** Record excerpts follows **

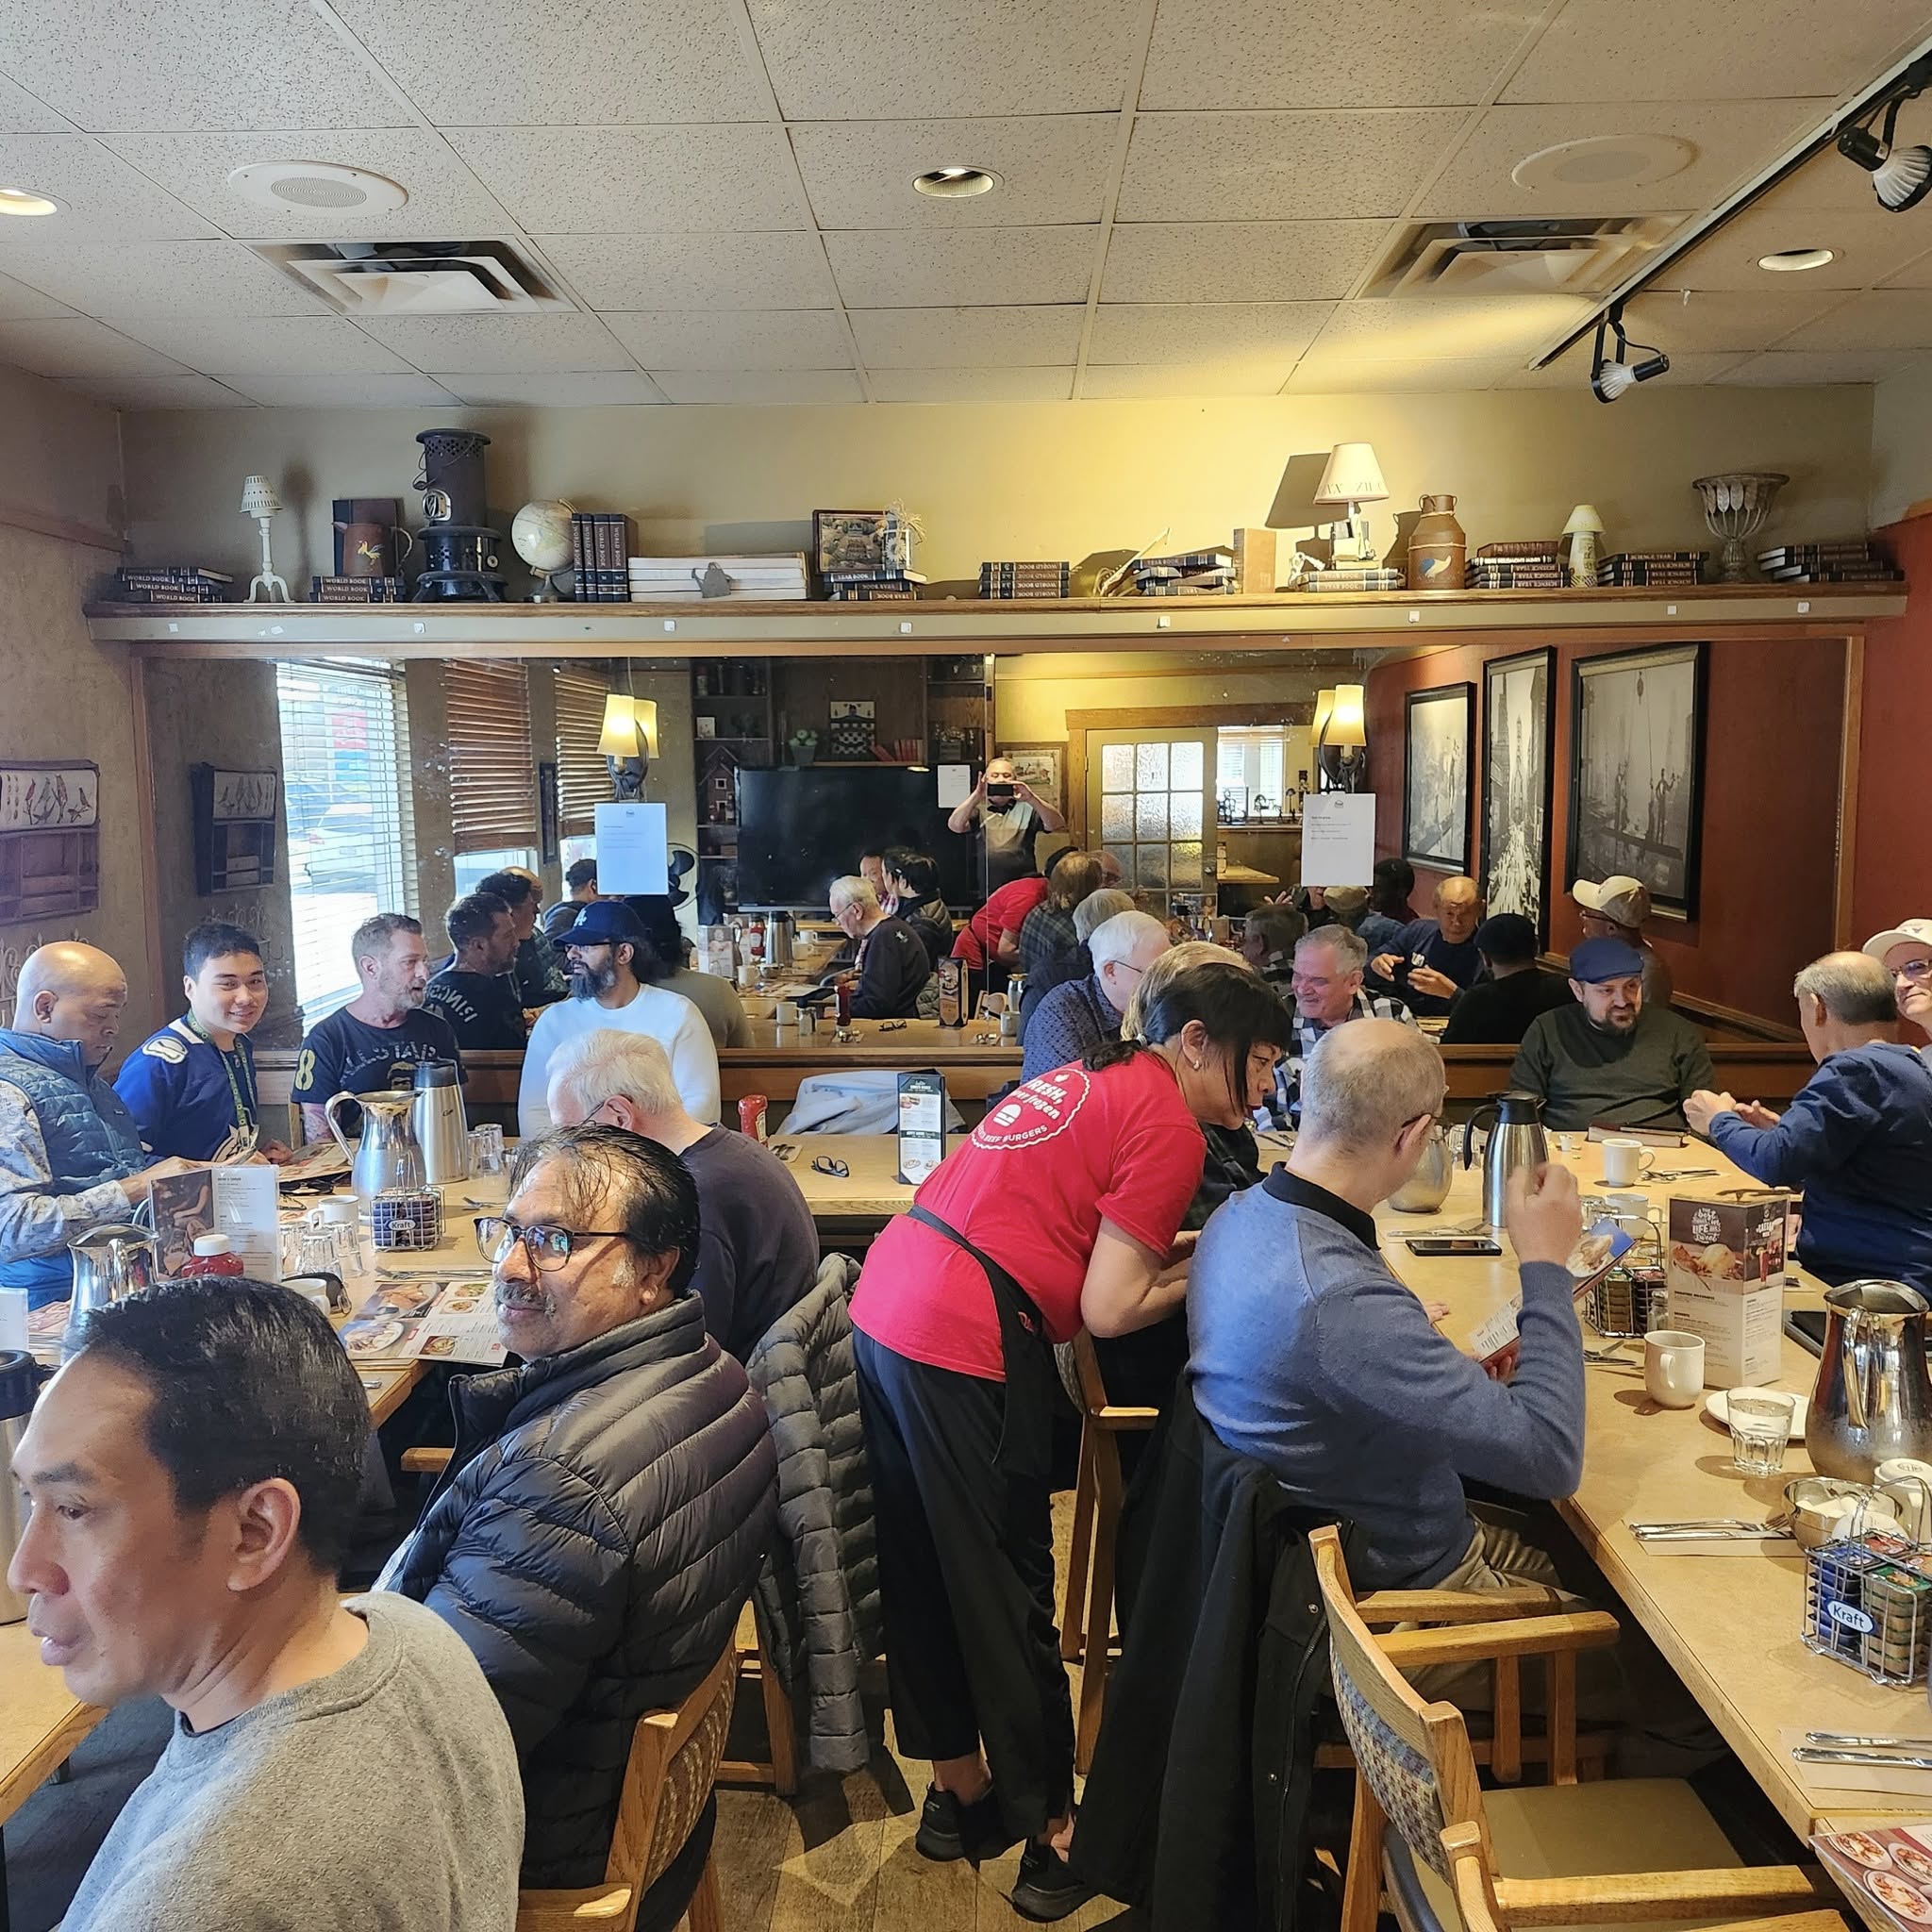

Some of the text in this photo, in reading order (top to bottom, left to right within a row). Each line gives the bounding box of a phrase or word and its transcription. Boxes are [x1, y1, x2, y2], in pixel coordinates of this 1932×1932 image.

[294, 1049, 316, 1091] 8
[1024, 1078, 1068, 1106] RESH,
[1022, 1094, 1060, 1121] frozen
[1002, 1124, 1048, 1143] BURGERS
[1692, 1224, 1709, 1234] LIFE
[1832, 1604, 1864, 1628] Kraft
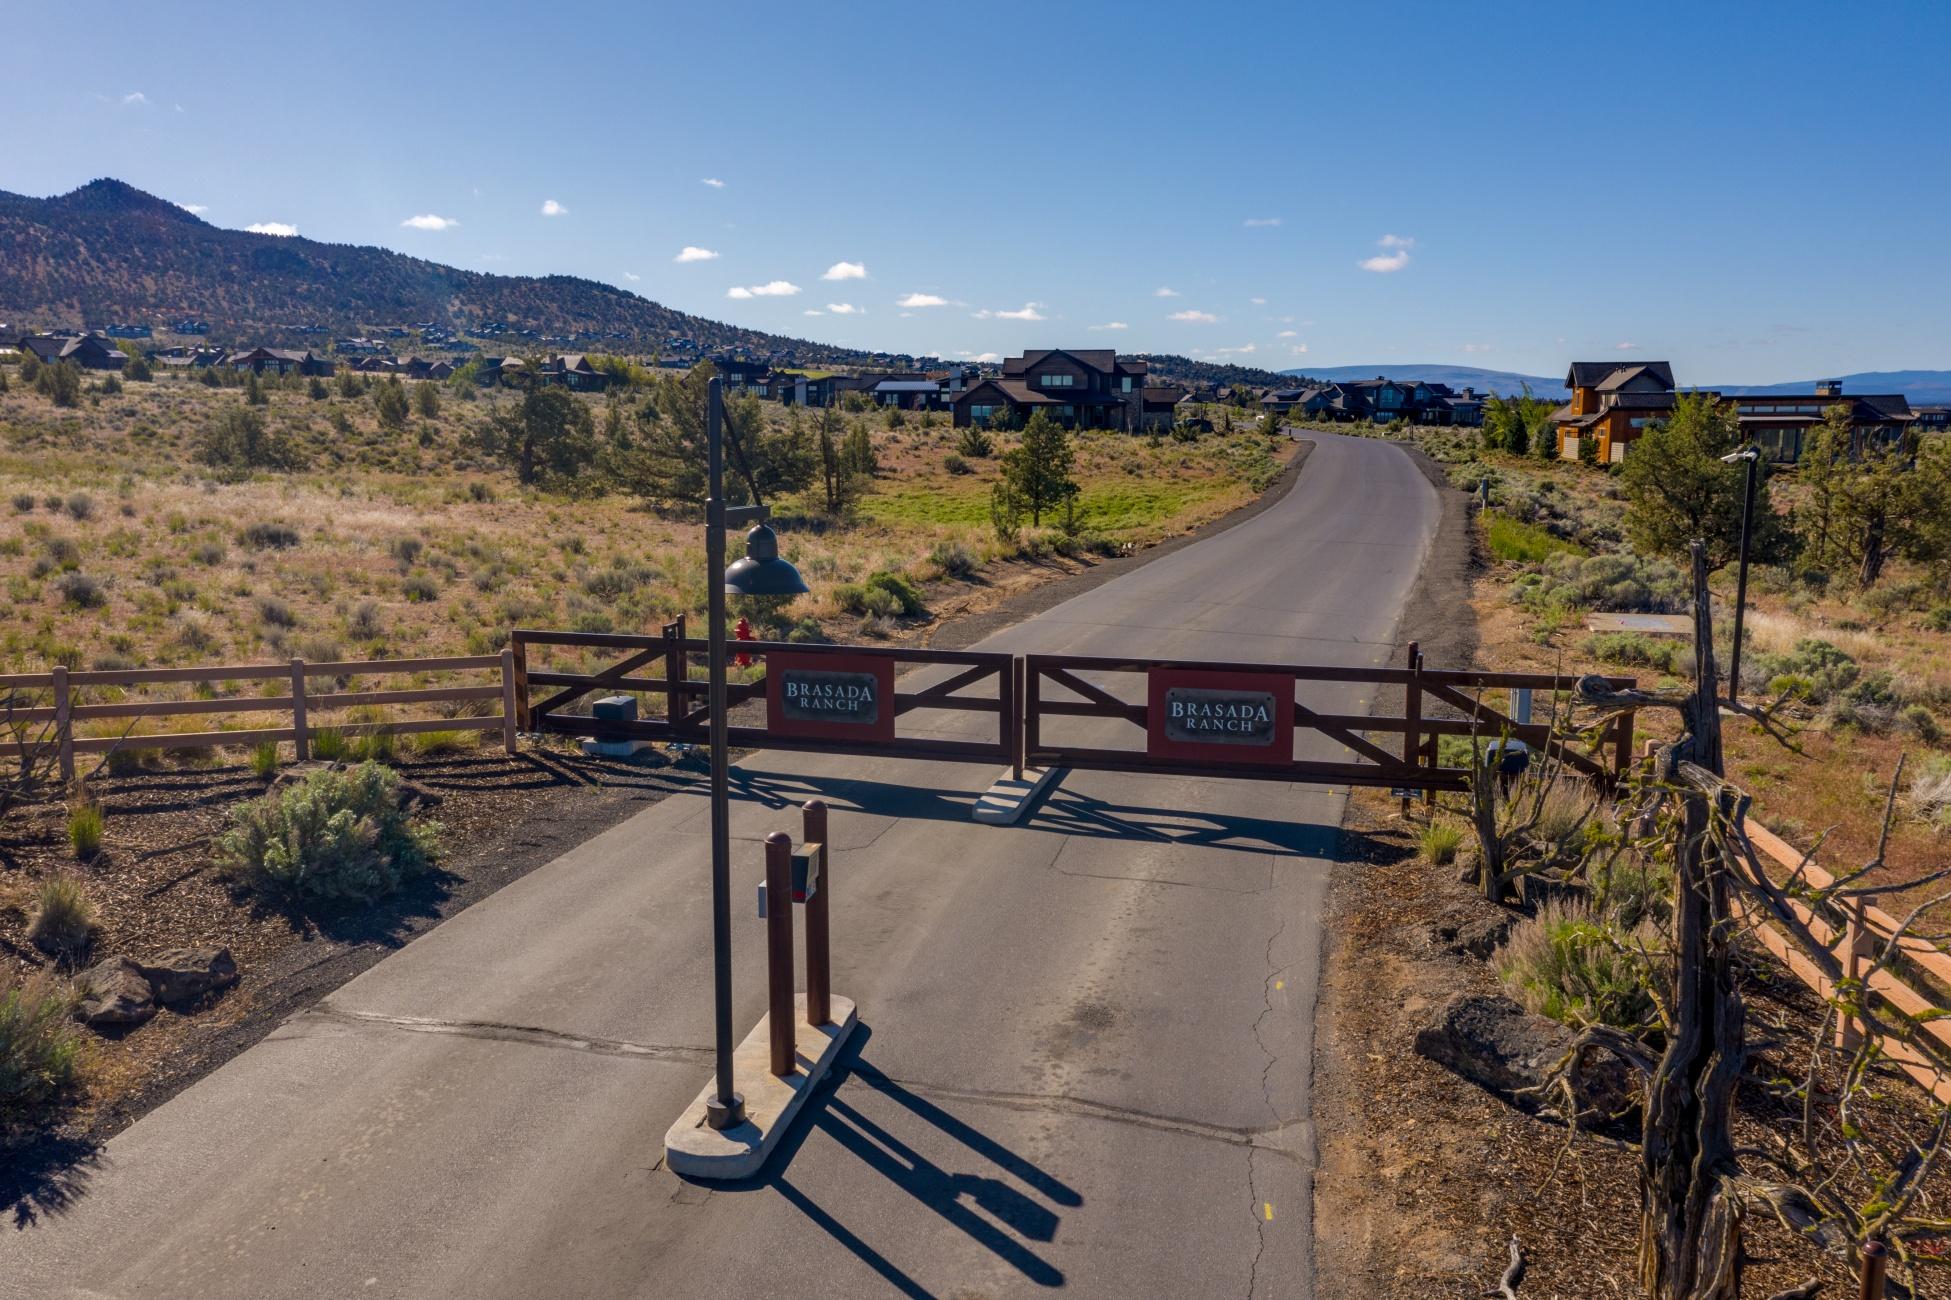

** End of Record excerpts **

• **Your instructions**
An exact copy of every entry above is needed, minus the pictures.

• **Result**
Some of the text in this photo, in reading order (top to bottom, left to right within a row). Each line gives the bounding box of a phrase or word and its transcription. Boxes are [x1, y1, x2, y2], in pixel coordinates of this 1932×1932 image.

[294, 1049, 316, 1091] 8
[1024, 1078, 1068, 1106] RESH,
[1022, 1094, 1060, 1121] frozen
[1002, 1124, 1048, 1143] BURGERS
[1692, 1224, 1709, 1234] LIFE
[1832, 1604, 1864, 1628] Kraft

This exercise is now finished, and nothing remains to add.